All Stories, General Fiction

Breakfast At The Hospital for the Criminally Insane by Harrison Kim 

Quan falls into the patient breakfast line at the hospital for the criminally insane, he peers at the kitchen staff through pushed in black glasses, grips his tray in both hands, nose sniffing right over its plastic surface, checking to perceive odors and blemishes.   He mentally calculates the time distance between himself and the food.  “Maybe ninety-eight and a half seconds.”

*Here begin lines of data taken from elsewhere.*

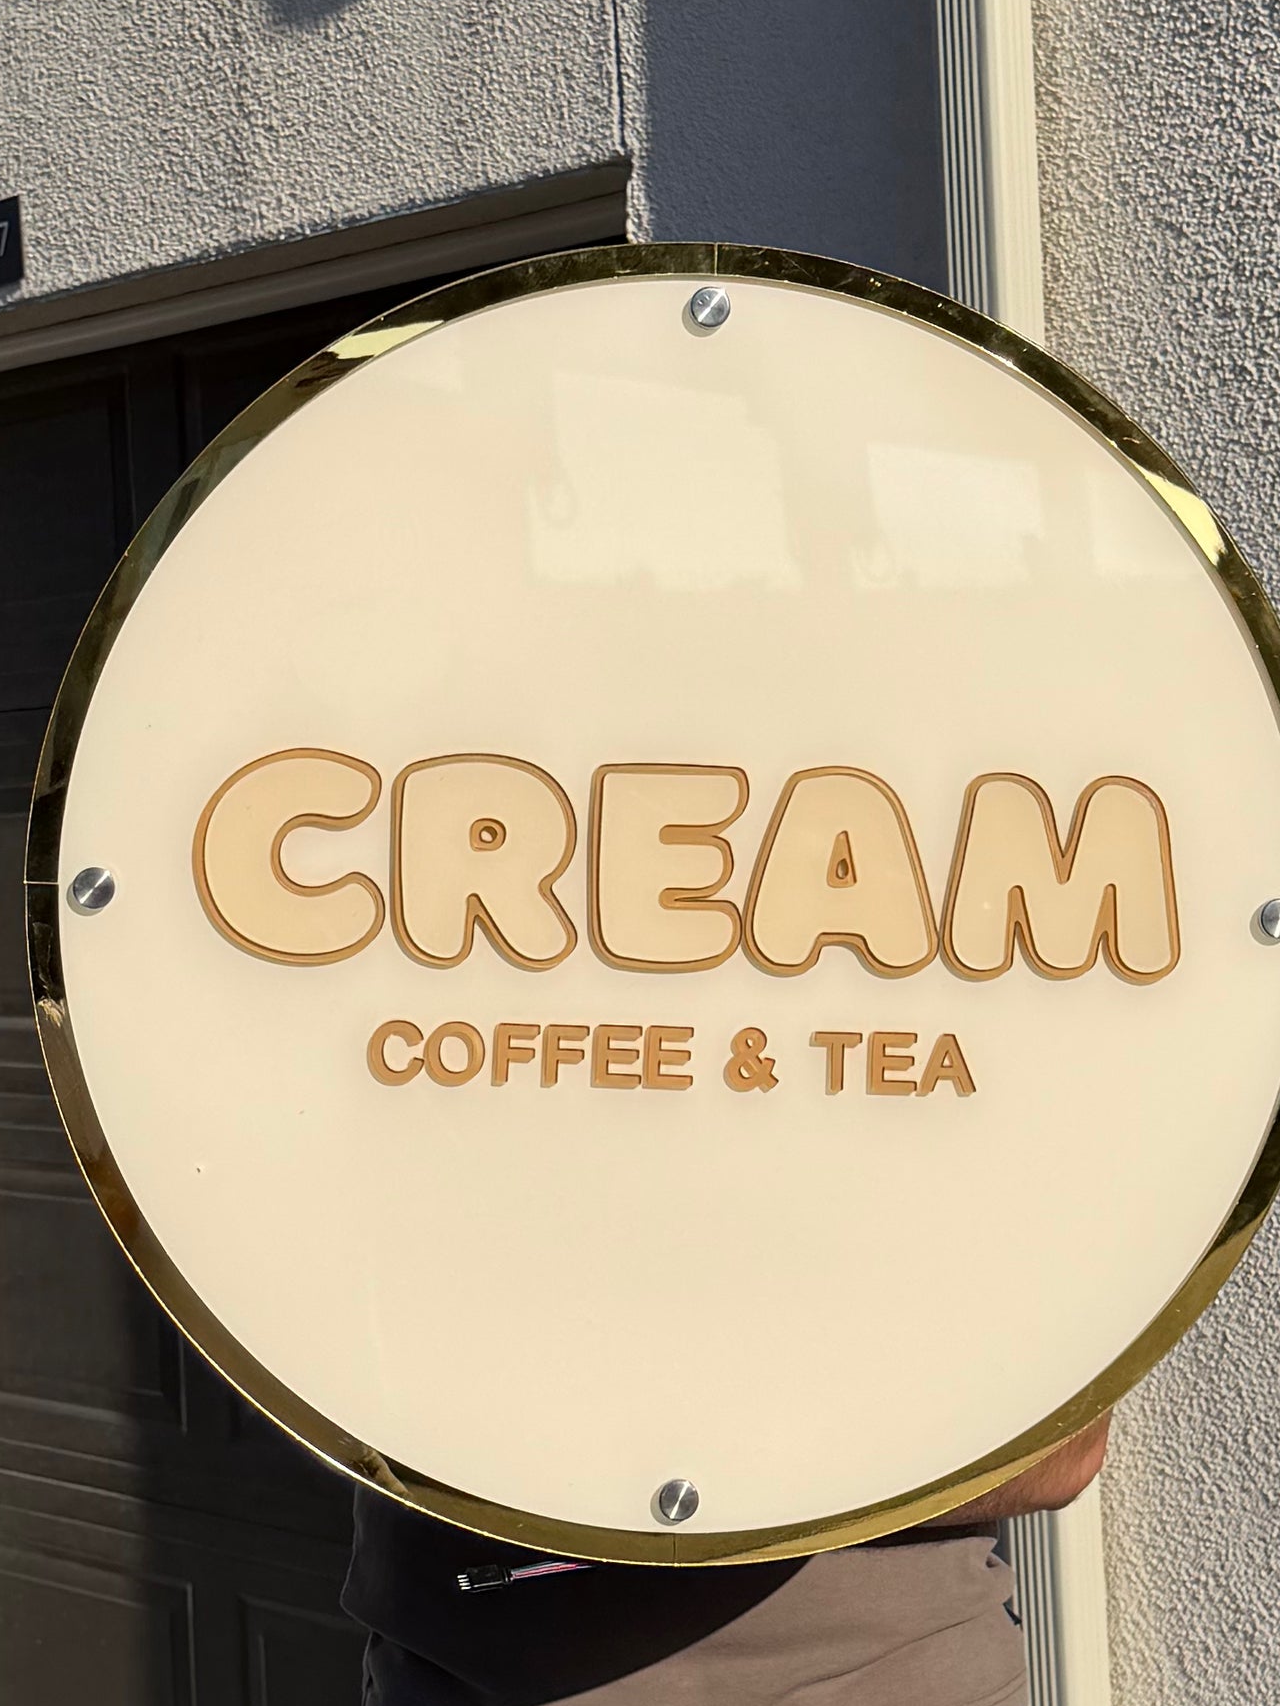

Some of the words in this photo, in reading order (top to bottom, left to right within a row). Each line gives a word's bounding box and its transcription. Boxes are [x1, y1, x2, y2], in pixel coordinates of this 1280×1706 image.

[192, 747, 1181, 984] CREAM
[366, 1019, 696, 1090] COFFEE
[723, 1026, 780, 1094] &
[809, 1031, 978, 1098] TEA
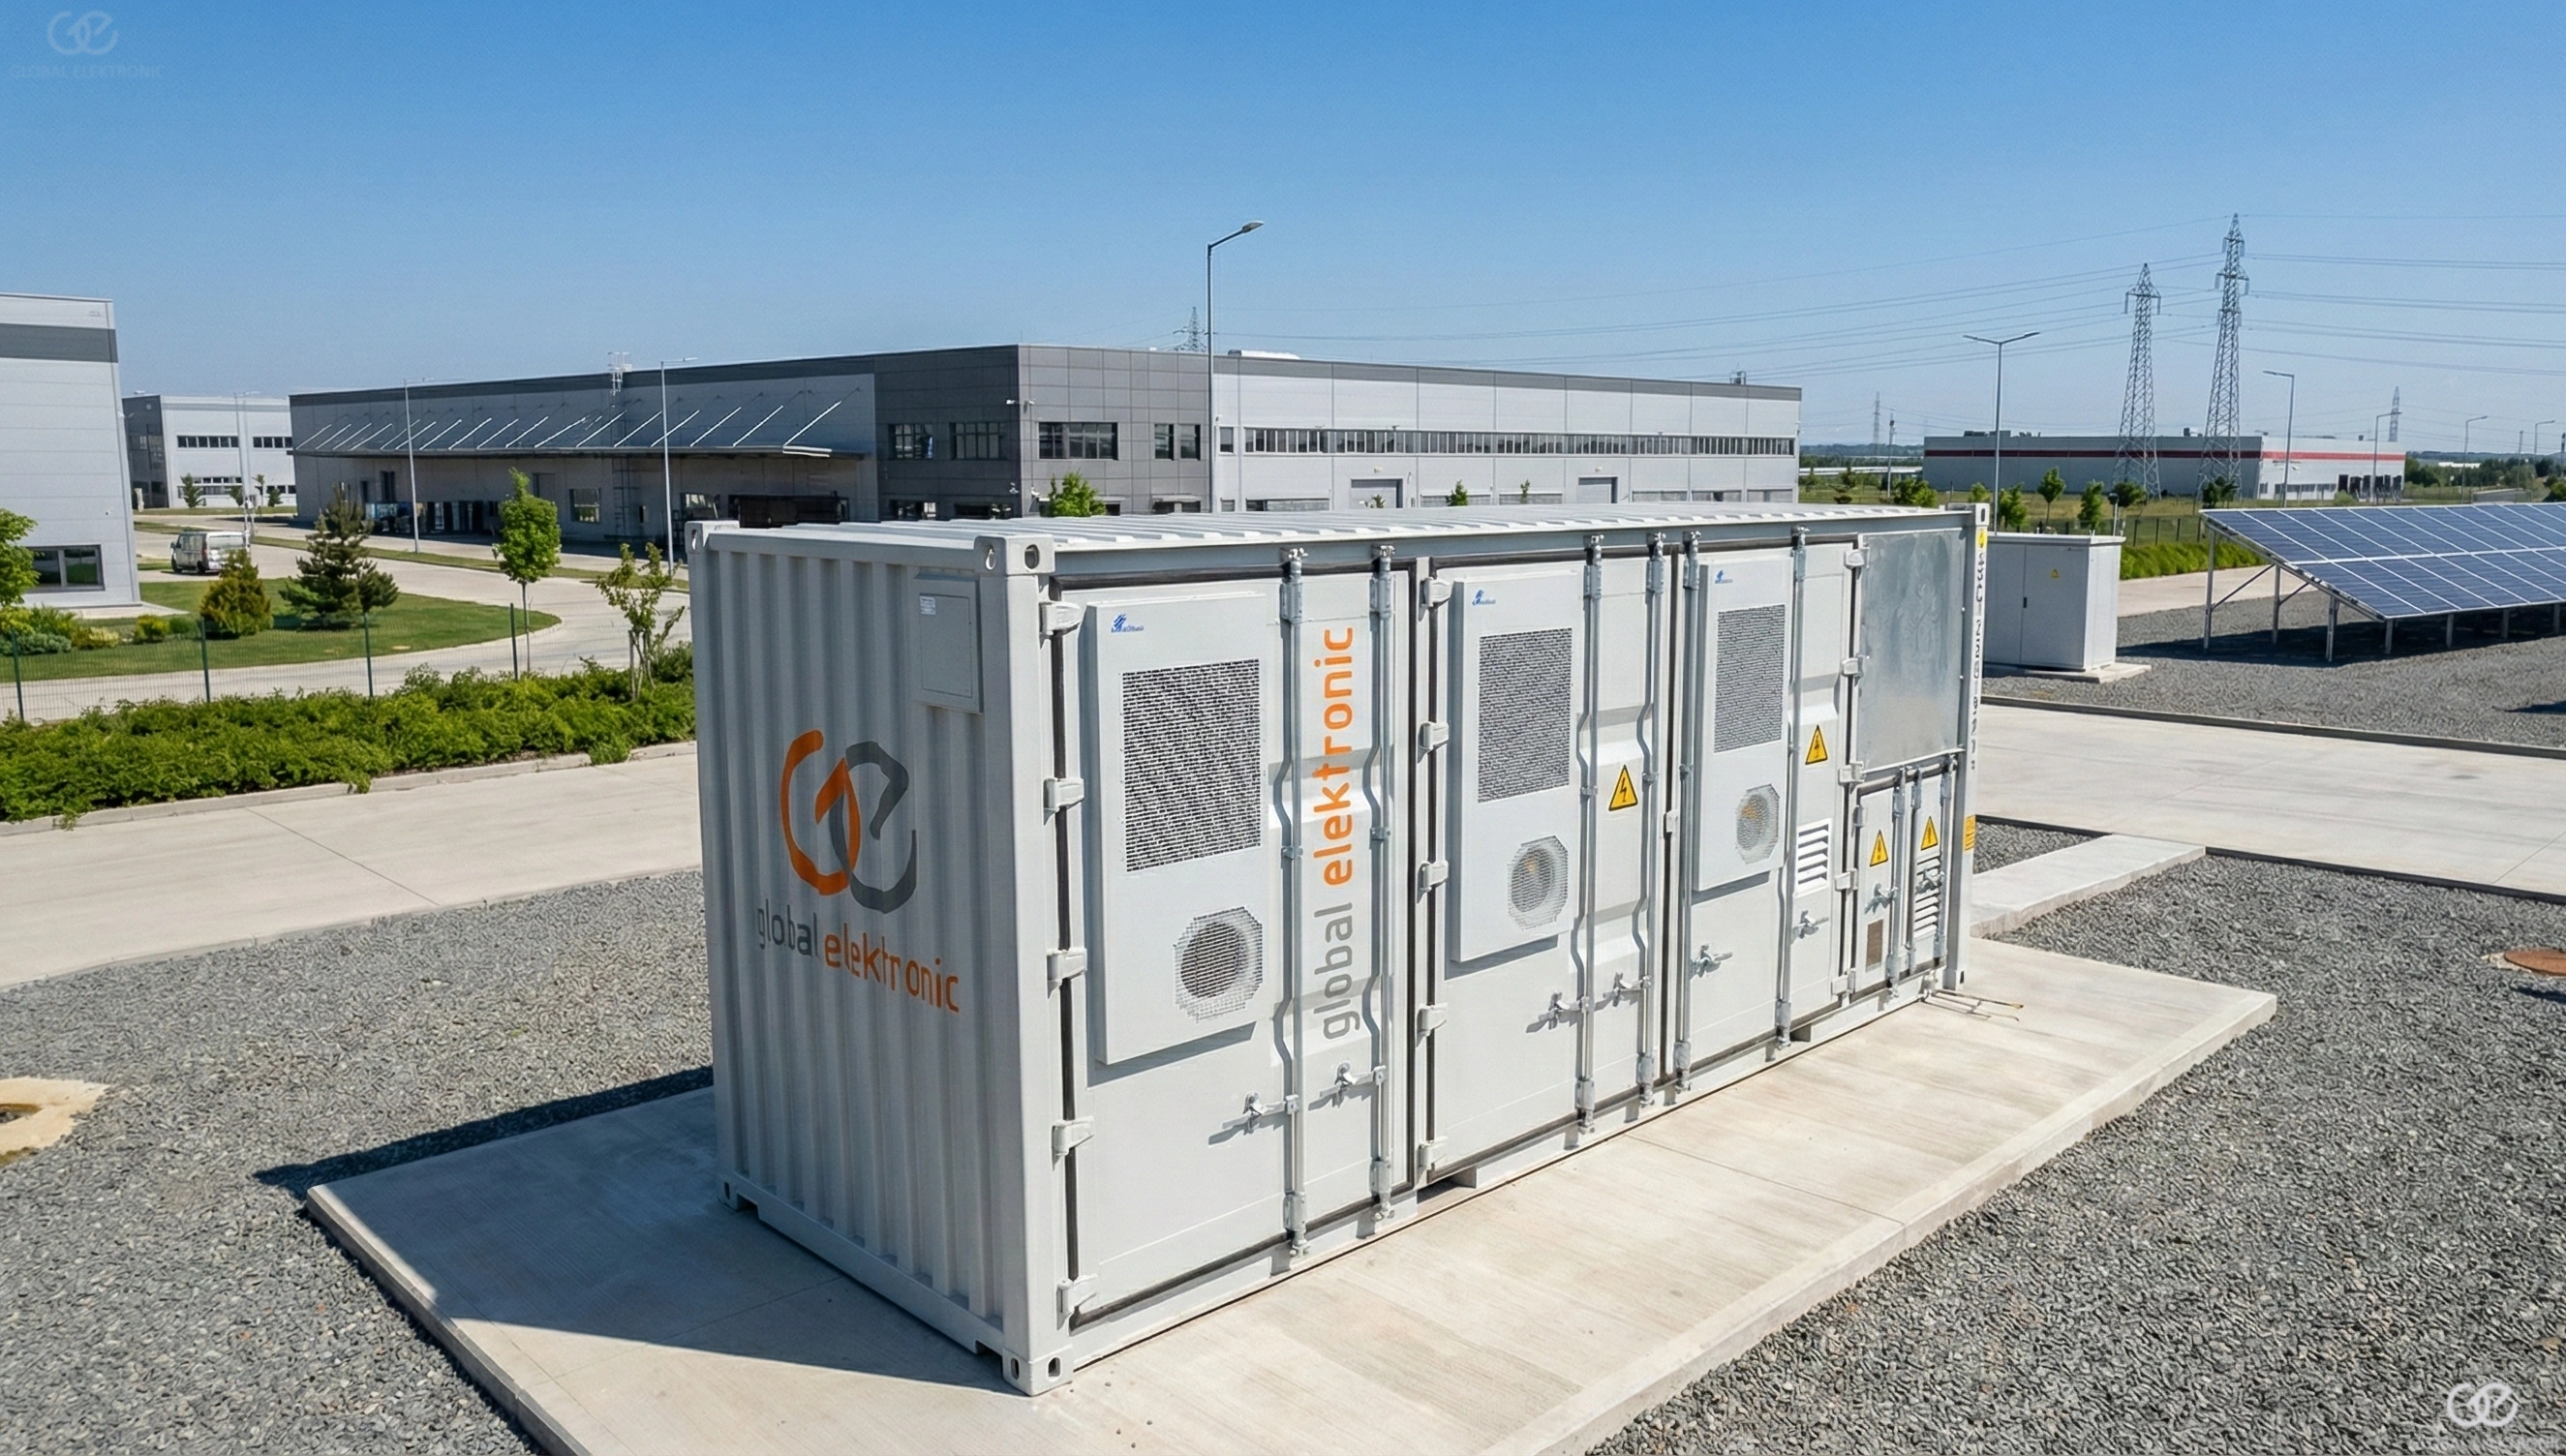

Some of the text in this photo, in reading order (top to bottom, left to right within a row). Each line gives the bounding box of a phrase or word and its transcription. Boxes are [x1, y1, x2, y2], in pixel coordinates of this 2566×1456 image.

[756, 898, 960, 1013] global elektronic
[1313, 627, 1360, 1042] global elektronic

Happy George serves today.  A squat stout fellow, face and gut fallen in front.  Blue gloves over his hands, a hairnet across his eyebrows.  In the large pink hospital kitchen, the hustle and bustle of security. Doors unlocking, locking, the beep of fobs fobbing.  In come a few more dishevelled patients, droop faced Larry Butler lurches to one side, bangs into the wall.  He mutters and sits in a special chair at the back, he looks up.  Quan follows Butler’s gaze … perceives the water pipes and the drain pipes on the ceiling, some emit a gushing sound, “bring on the sustenance” Quan thinks.  He imagines all this in Vietnamese, but his talk now very Canadian.

“That’s some good language I’ve learned here.” he says out loud to Bobby Ramsay, the very thin, always smiling hockey haired fellow beside him.   Quan has a secret to share, but he’ll wait til Bobby is seated.

Quan checks out the newspaper.  “Legislature passes new stalking law,” it says.  The Minister of Justice is apparently very much behind this new law, after his daughter, a pharmacist, was stalked for months by an individual “suffering from a mental illness,” the paper says.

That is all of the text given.